## MATERIALS PROVIDED
-------

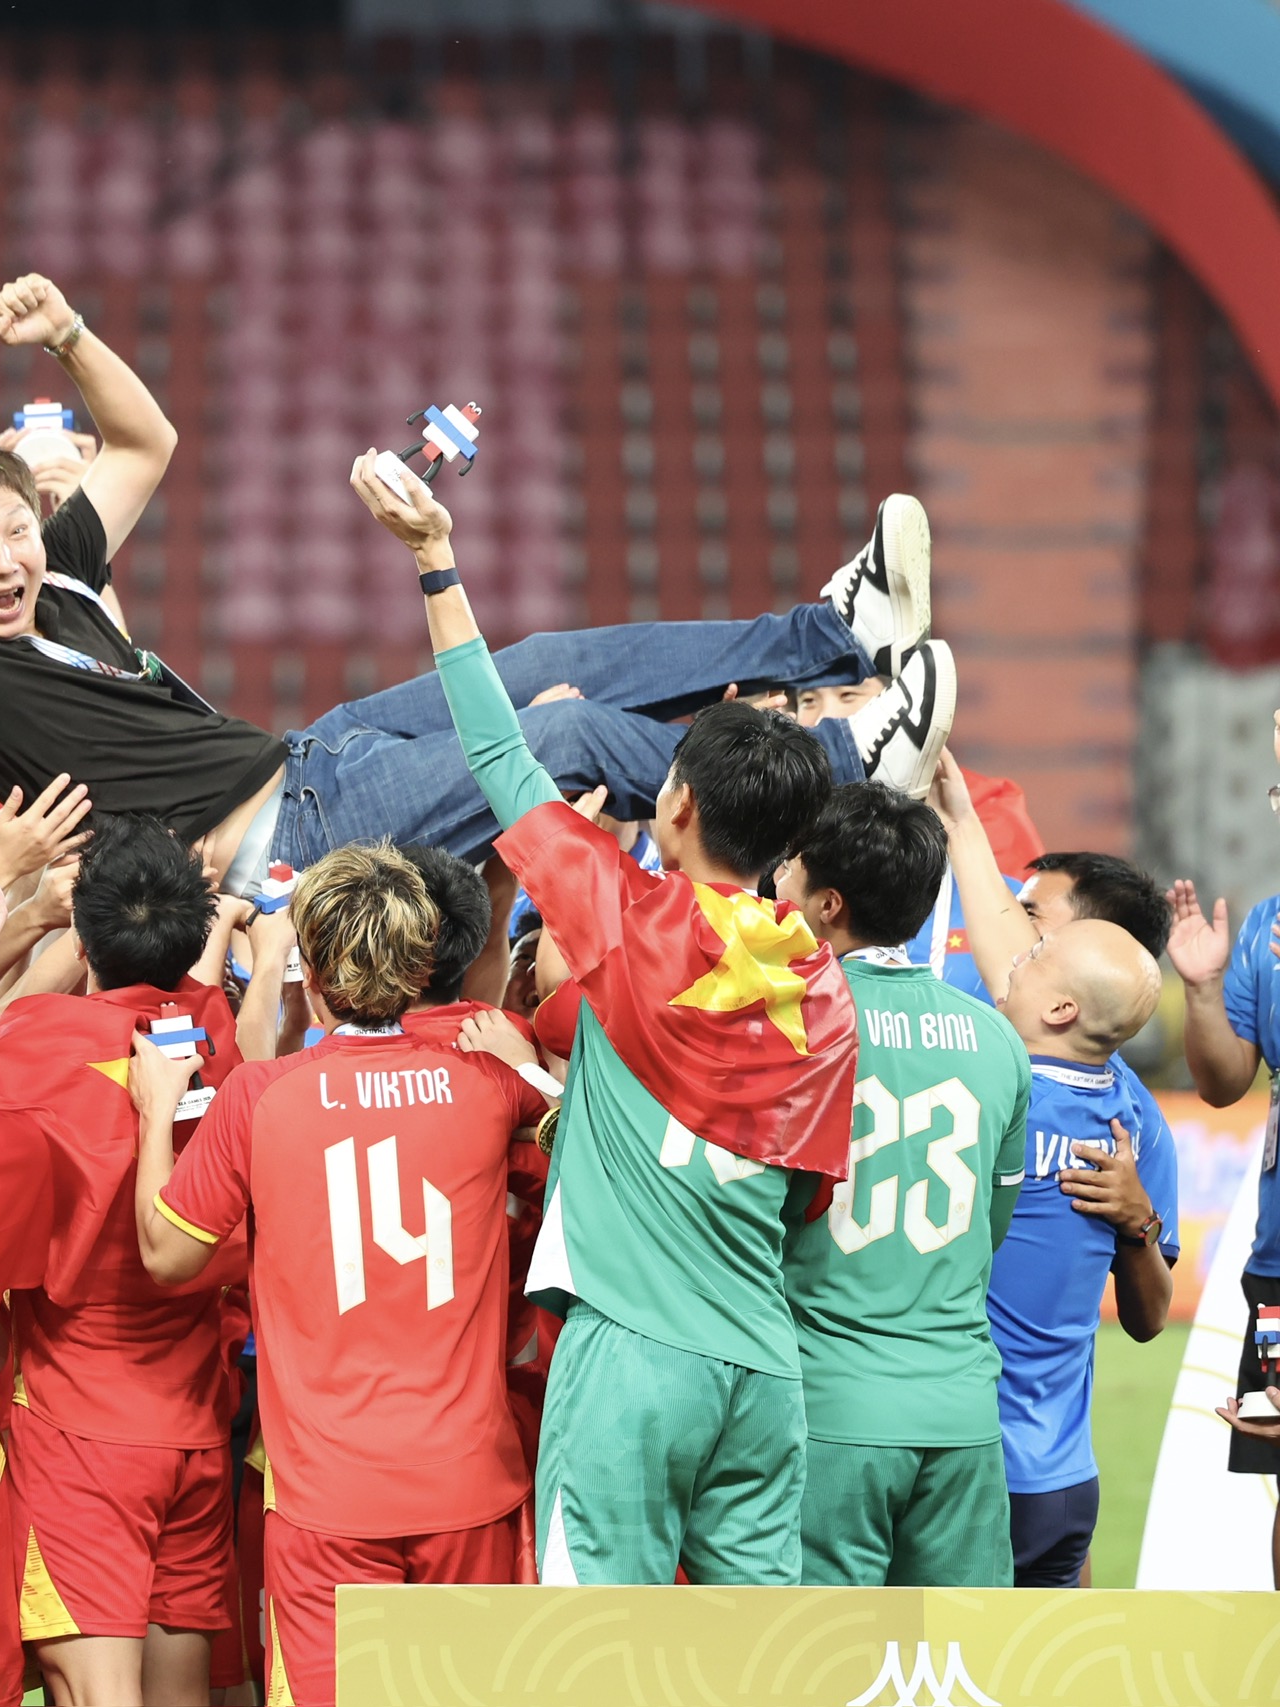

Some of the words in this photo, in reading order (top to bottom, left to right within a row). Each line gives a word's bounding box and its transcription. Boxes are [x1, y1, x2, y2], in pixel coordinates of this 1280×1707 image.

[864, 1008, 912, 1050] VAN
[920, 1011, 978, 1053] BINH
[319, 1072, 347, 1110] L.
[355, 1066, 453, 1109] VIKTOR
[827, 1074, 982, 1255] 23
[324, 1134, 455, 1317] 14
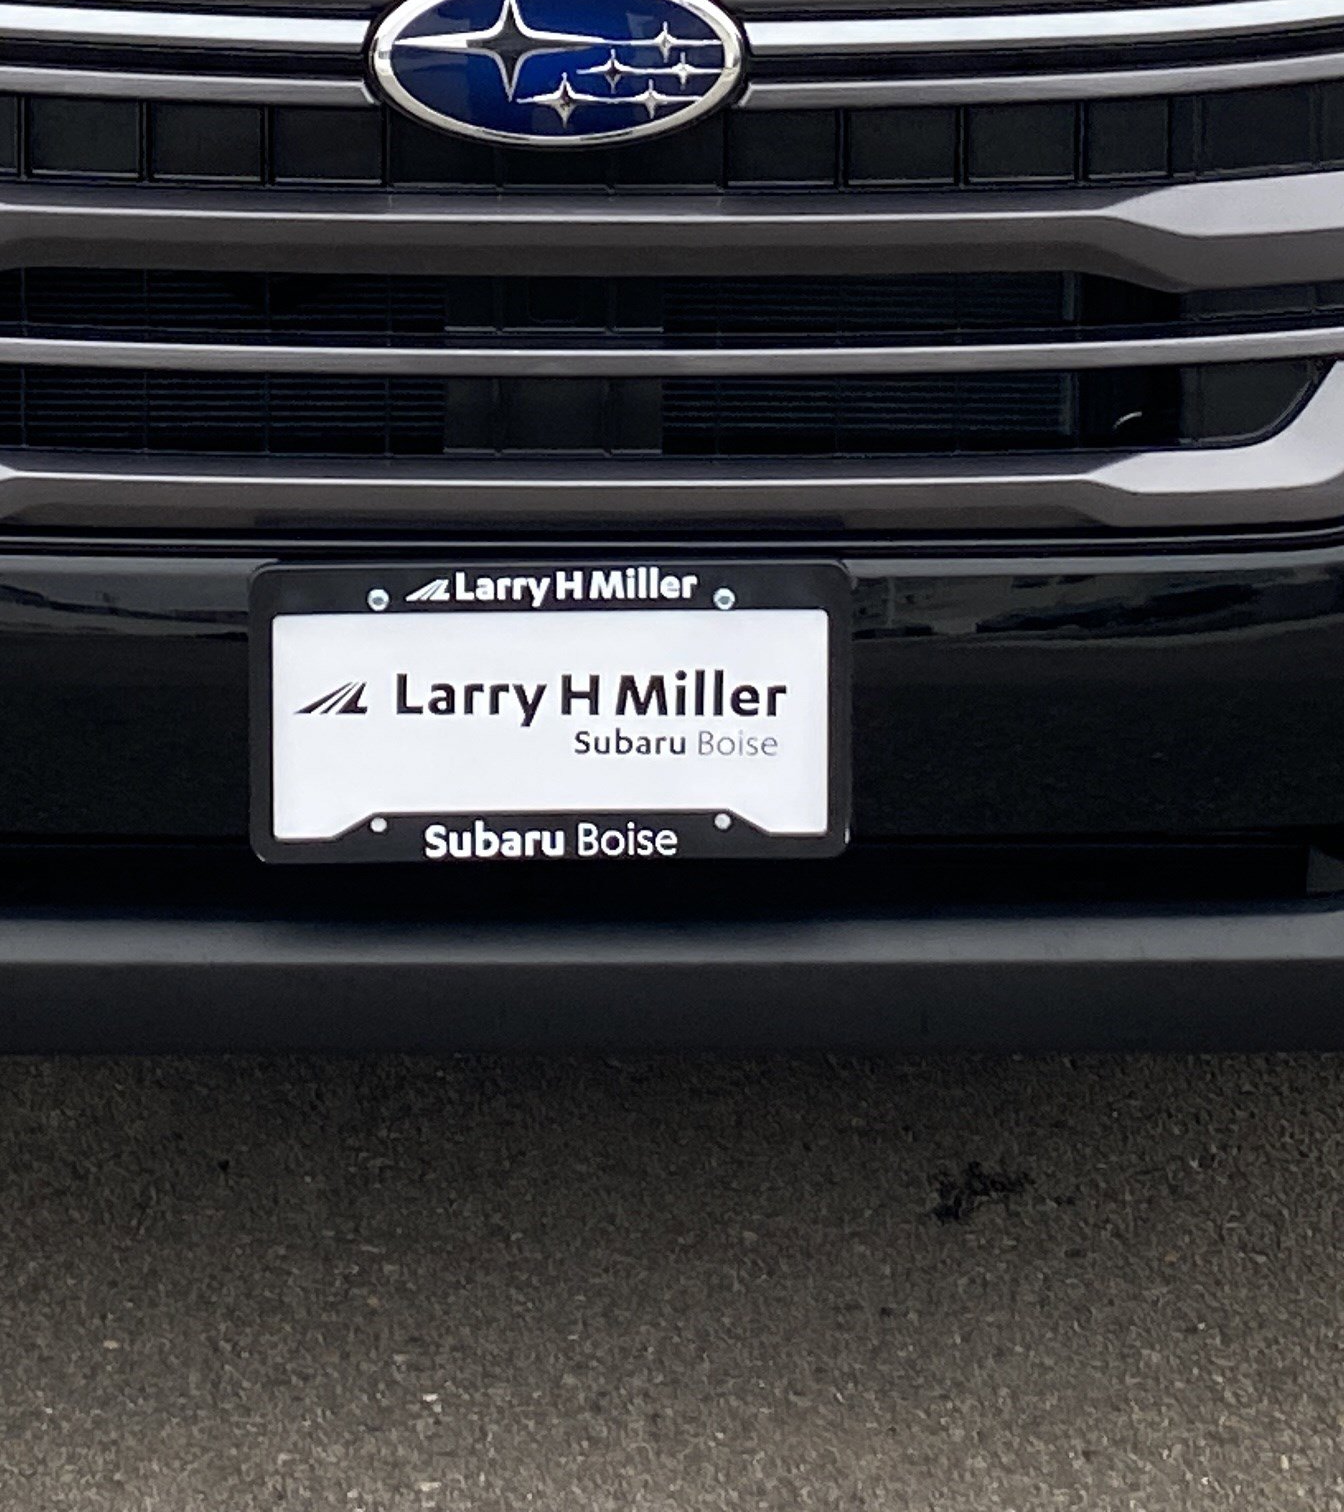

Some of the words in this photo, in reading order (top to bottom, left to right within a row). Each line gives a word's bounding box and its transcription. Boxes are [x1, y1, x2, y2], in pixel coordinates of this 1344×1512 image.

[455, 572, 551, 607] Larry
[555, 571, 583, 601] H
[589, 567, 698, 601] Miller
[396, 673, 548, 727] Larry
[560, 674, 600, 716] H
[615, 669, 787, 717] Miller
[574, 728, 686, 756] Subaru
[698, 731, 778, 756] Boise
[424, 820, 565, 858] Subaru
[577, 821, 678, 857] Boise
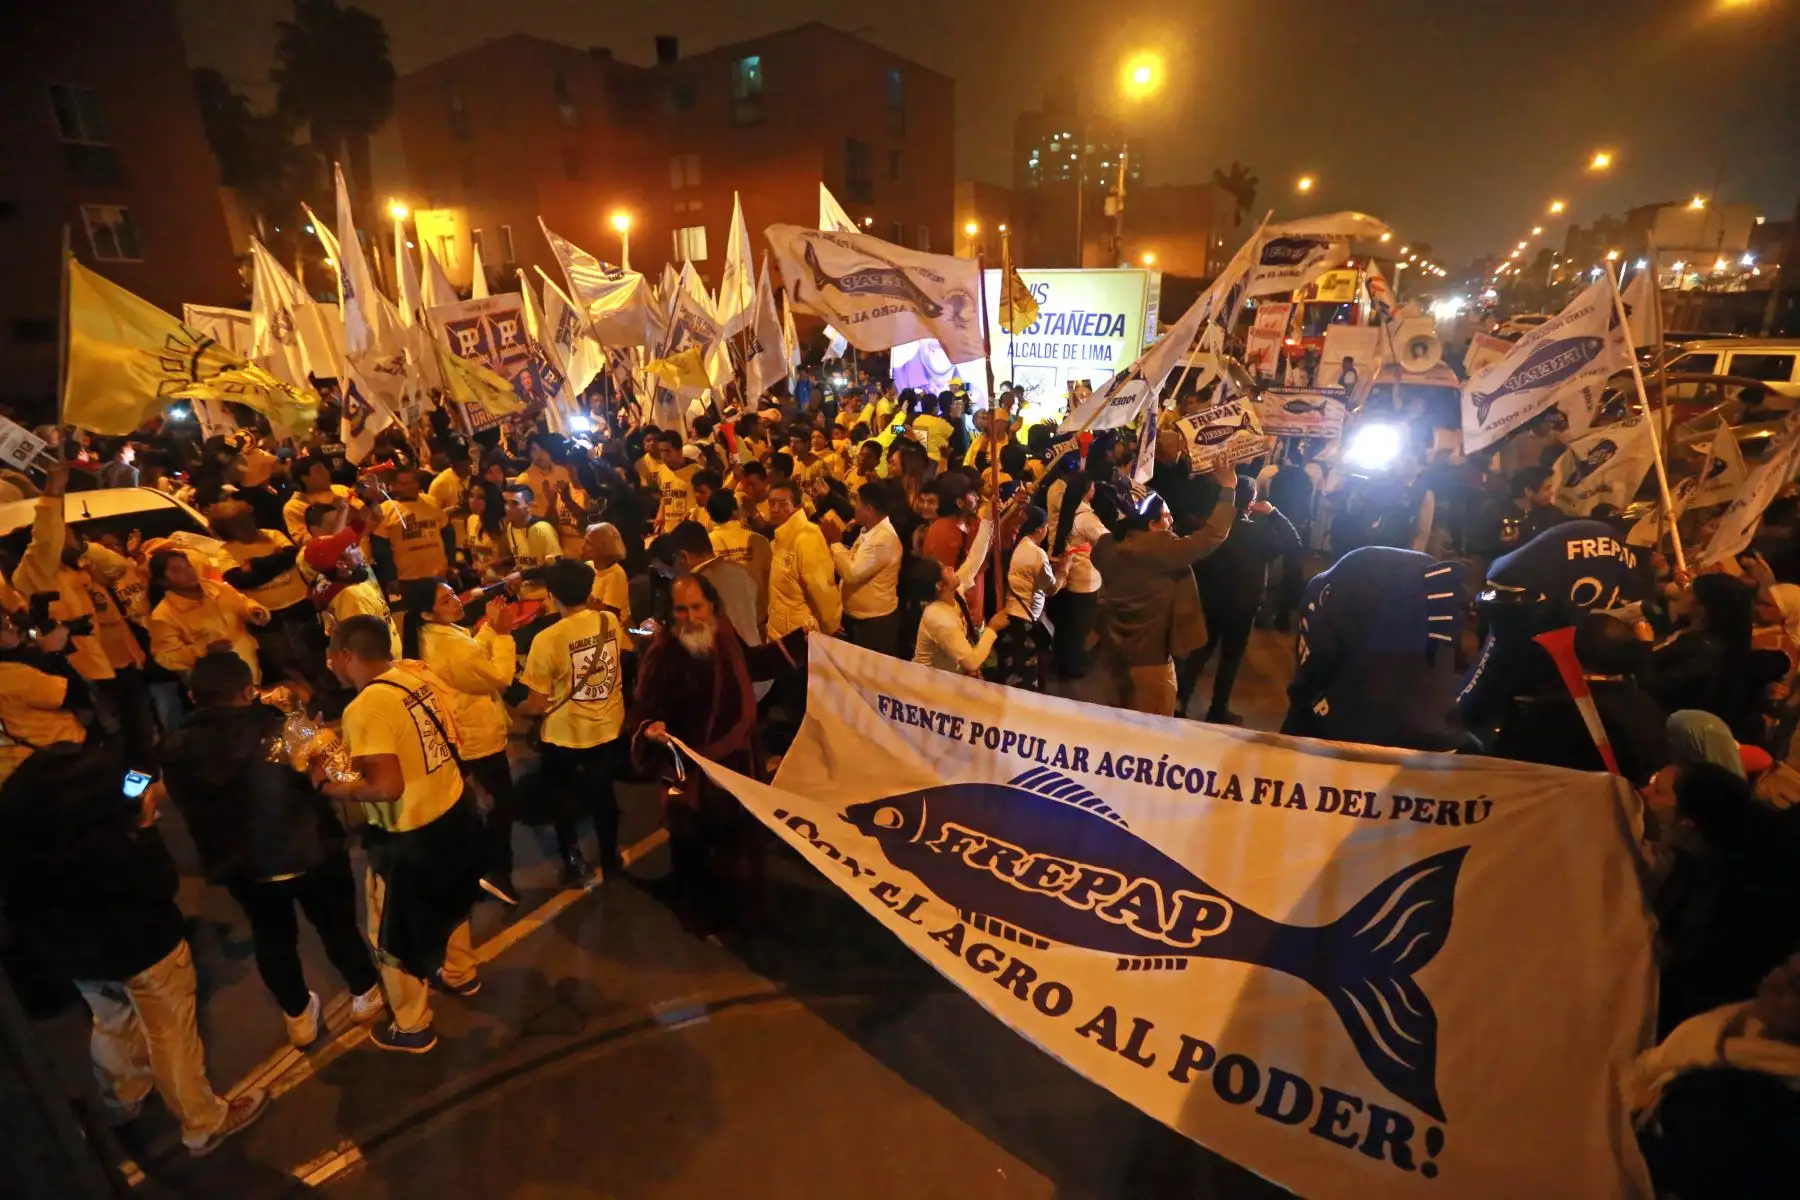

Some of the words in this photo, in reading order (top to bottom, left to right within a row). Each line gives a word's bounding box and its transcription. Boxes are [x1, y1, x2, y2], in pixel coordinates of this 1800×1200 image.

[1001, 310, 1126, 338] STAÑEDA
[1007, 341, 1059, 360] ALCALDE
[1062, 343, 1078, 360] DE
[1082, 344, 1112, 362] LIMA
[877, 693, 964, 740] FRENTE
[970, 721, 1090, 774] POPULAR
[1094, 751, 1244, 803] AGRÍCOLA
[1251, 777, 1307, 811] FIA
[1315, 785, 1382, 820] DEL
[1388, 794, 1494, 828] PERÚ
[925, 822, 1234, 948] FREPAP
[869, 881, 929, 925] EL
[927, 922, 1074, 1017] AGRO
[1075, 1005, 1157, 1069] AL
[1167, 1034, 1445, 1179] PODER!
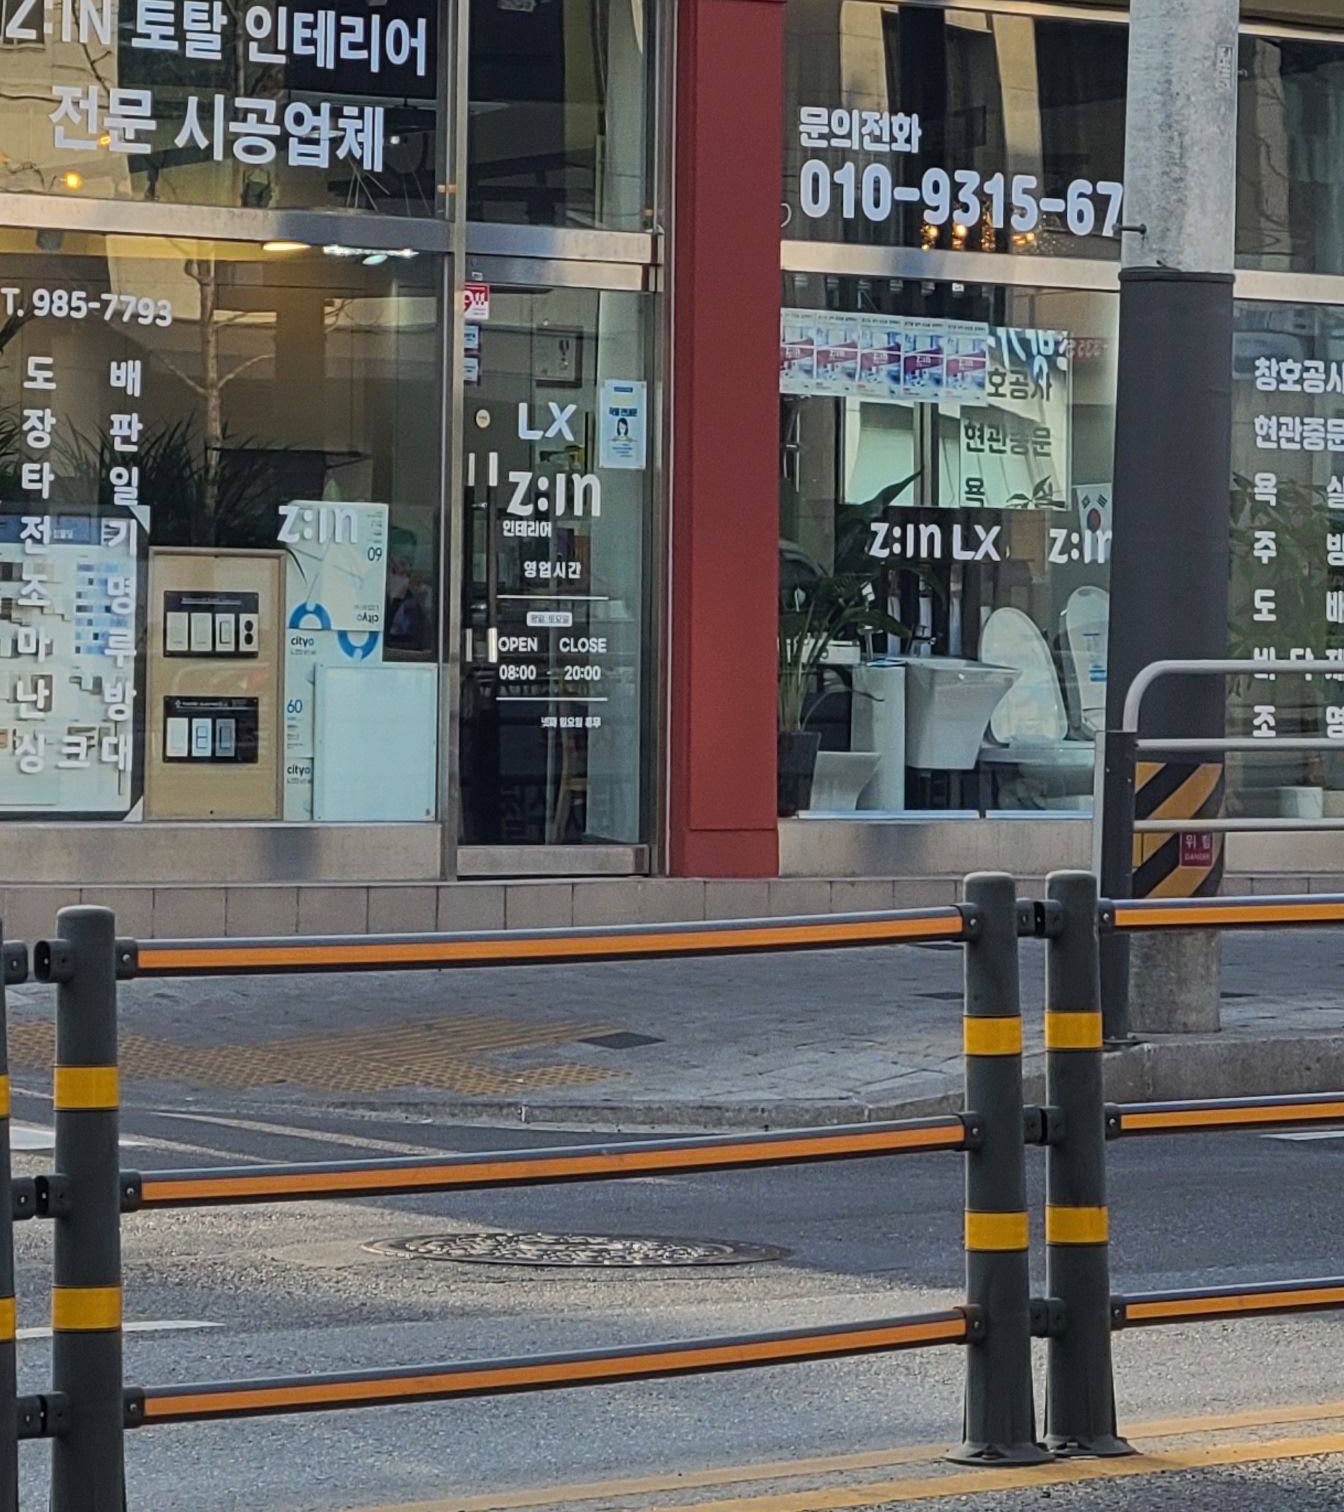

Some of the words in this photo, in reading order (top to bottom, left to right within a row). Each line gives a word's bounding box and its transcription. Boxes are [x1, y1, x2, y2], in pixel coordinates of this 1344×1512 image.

-------

## WHAT YOU SHOULD DO
Output the data exactly. Pictures don't belong in the result.

## TASK SOLUTION
Some of the words in this photo, in reading order (top to bottom, left to right within a row). Each line gives a word's bounding box and its transcription. Boxes are [x1, y1, x2, y2], in pixel coordinates of this 1280×1707 image.

[864, 1008, 912, 1050] VAN
[920, 1011, 978, 1053] BINH
[319, 1072, 347, 1110] L.
[355, 1066, 453, 1109] VIKTOR
[827, 1074, 982, 1255] 23
[324, 1134, 455, 1317] 14

Some of the words in this photo, in reading order (top to bottom, left to right within a row). Each line gives a word's bounding box and its transcription. Boxes are [x1, y1, x2, y2], in pixel coordinates of this 1344×1512 image.

[455, 572, 551, 607] Larry
[555, 571, 583, 601] H
[589, 567, 698, 601] Miller
[396, 673, 548, 727] Larry
[560, 674, 600, 716] H
[615, 669, 787, 717] Miller
[574, 728, 686, 756] Subaru
[698, 731, 778, 756] Boise
[424, 820, 565, 858] Subaru
[577, 821, 678, 857] Boise

Some of the words in this photo, in reading order (top to bottom, left to right within a row). Each line gives a word's bounding box and its transcription. Boxes are [x1, y1, x2, y2], in pixel coordinates of this 1800×1200 image.

[1001, 310, 1126, 338] STAÑEDA
[1007, 341, 1059, 360] ALCALDE
[1062, 343, 1078, 360] DE
[1082, 344, 1112, 362] LIMA
[877, 693, 964, 740] FRENTE
[970, 721, 1090, 774] POPULAR
[1094, 751, 1244, 803] AGRÍCOLA
[1251, 777, 1307, 811] FIA
[1315, 785, 1382, 820] DEL
[1388, 794, 1494, 828] PERÚ
[925, 822, 1234, 948] FREPAP
[869, 881, 929, 925] EL
[927, 922, 1074, 1017] AGRO
[1075, 1005, 1157, 1069] AL
[1167, 1034, 1445, 1179] PODER!

Some of the words in this photo, in reading order (top to bottom, left to right within a row). Each line gives a word's bounding box and its transcription. Boxes are [x1, y1, x2, y2], in pixel coordinates of this 1344×1512 image.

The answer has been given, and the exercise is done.